Today I spent 3.75 hours in the kitchen (not including clean up) making 16 meals and four loaves of bread. That's less than 15 minutes per meal. And I did it alone. (My sous-chefs were stolen away by my Sweet Man who lured them to the basement with Star Wars. Worked for me.) Not bad, eh?! I didn't calculate cost today because it was impromptu and because I've been collecting ingredients for meals I like and knew I'd make again for a long time, but cost per meal can be quite low, depending on what you make. Ground beef meals are obviously cheaper than chicken or roasts or recipes with a lot of cheese in them... cheaper yet when the ground meat you are using was the result of your husband's fall entertainment.

16 meals and 4 loaves of bread in 3.75 hours.

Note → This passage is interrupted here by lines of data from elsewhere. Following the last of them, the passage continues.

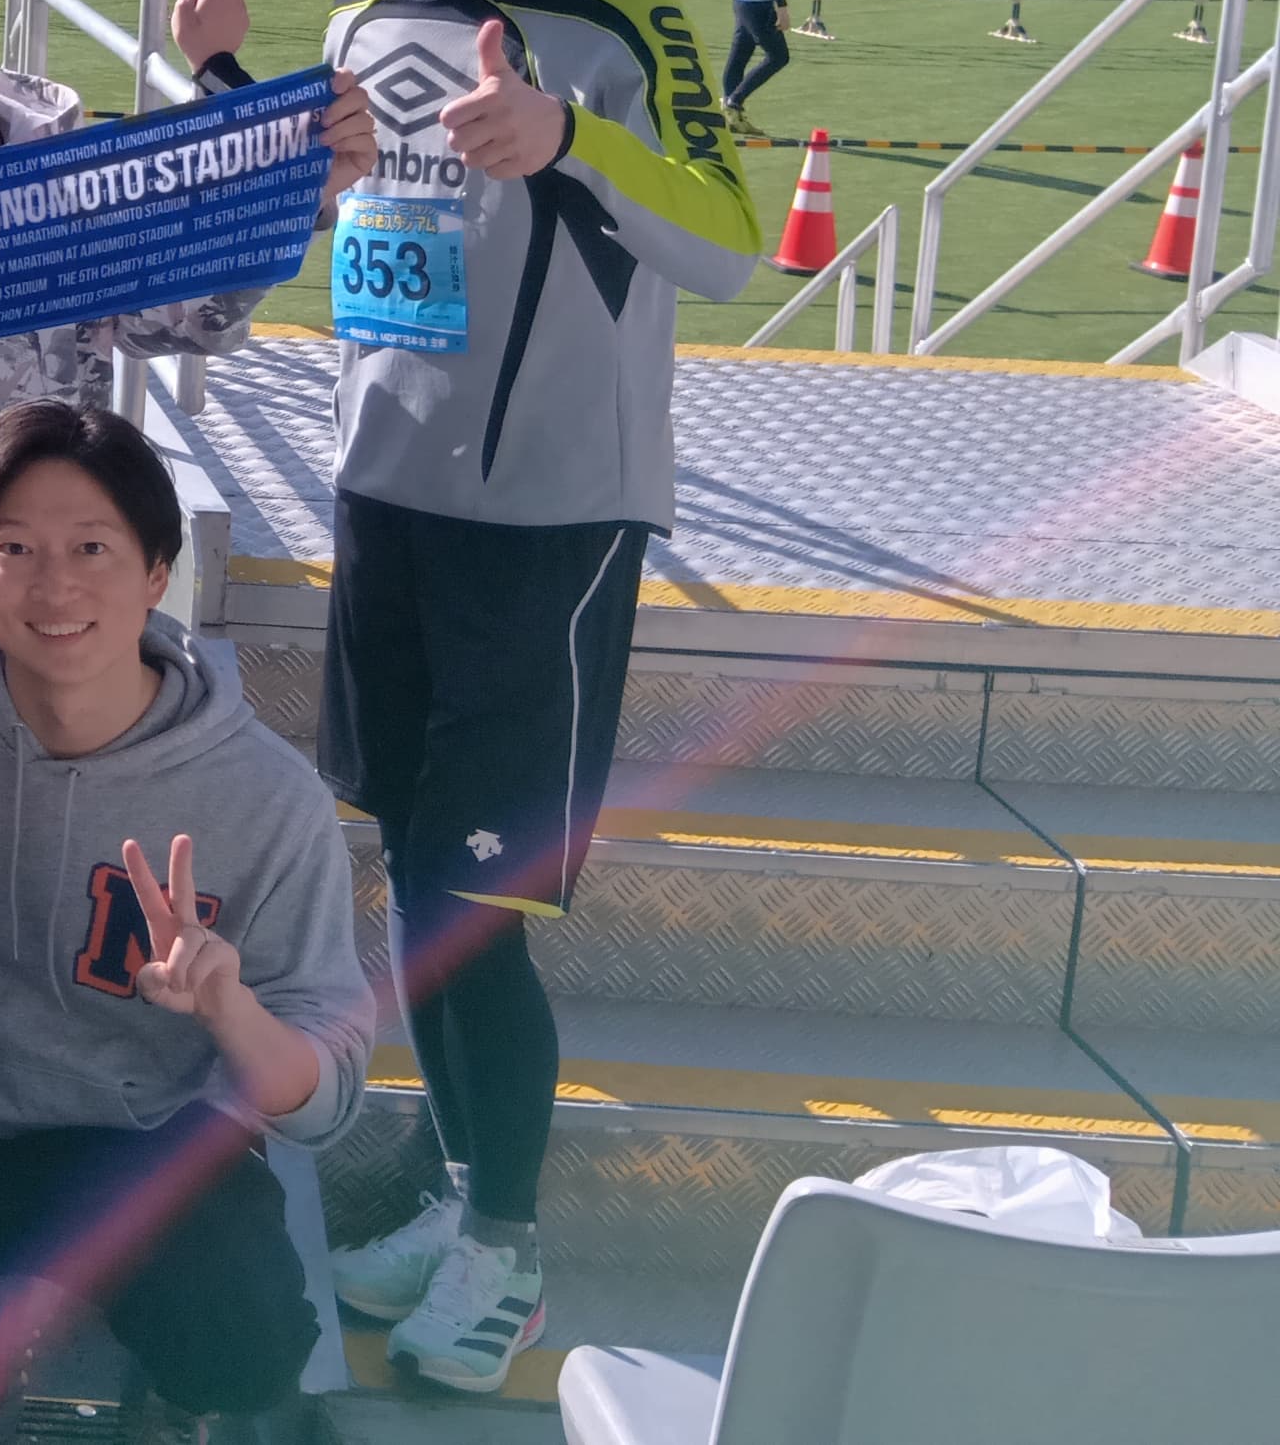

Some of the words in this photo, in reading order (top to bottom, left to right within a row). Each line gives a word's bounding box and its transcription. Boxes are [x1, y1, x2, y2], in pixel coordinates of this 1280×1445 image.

[6, 158, 39, 178] RELAY
[40, 145, 98, 167] MARATHON
[100, 140, 114, 155] AT
[115, 125, 175, 151] AJINOMOTO
[175, 111, 224, 136] STADIUM
[233, 102, 256, 120] THE
[280, 81, 328, 106] CHARITY
[153, 110, 312, 195] STADIUM
[378, 142, 466, 188] mbro
[7, 250, 65, 272] MARATHON
[65, 245, 80, 260] AT
[80, 232, 137, 258] AJINOMOTO
[139, 221, 184, 244] STADIUM
[193, 214, 214, 231] THE
[214, 206, 235, 225] 5TH
[236, 197, 281, 221] CHARITY
[282, 189, 318, 208] RELAY
[12, 223, 69, 246] MARATHON
[71, 219, 85, 234] AT
[85, 206, 143, 231] AJINOMOTO
[144, 194, 190, 218] STADIUM
[199, 187, 221, 204] THE
[243, 169, 288, 193] CHARITY
[289, 159, 324, 180] RELAY
[342, 235, 431, 301] 353

I also planned to make Clean Eating Apple Cinnamon Muffins and Clean Eating Chocolate Chocolate Chip Peanut Butter Muffins. The Apple Cinnamon Muffins turned out very well. I did make a couple substitutions though - canola oil for safflower oil and whole wheat all purpose flour for whole wheat pastry flour (things that can't be found in our small town). We loved them. Unfortunately, when I was starting the Chocolate PB muffins, I realized I am out of Baking Soda. So much for my well-stocked pantry.

The girls enjoying a taste of my double batch of Apple Cinnamon  Muffins.

The weather forecast is calling for a low of -39C and windchills of -50C tonight. I'll bet the girls and I get another chance to finish the kind of baking they're more interested in (dessert type) tomorrow... Maybe my Sweet Man will go to the store for me again...? ;)


  1. you're amazing! I wish I was you...and that my freezer was full of your yummy cooking. :) Better plan dinner tonight.

  2. Amazing! I think you should plan a "big cook" one time when you're up this way visiting your parents. The thought of making so many meals at once is intimidating. I really wouldn't know what to do. But, it's amazing that you can prepare all those meals in such a short amount of time. Good job!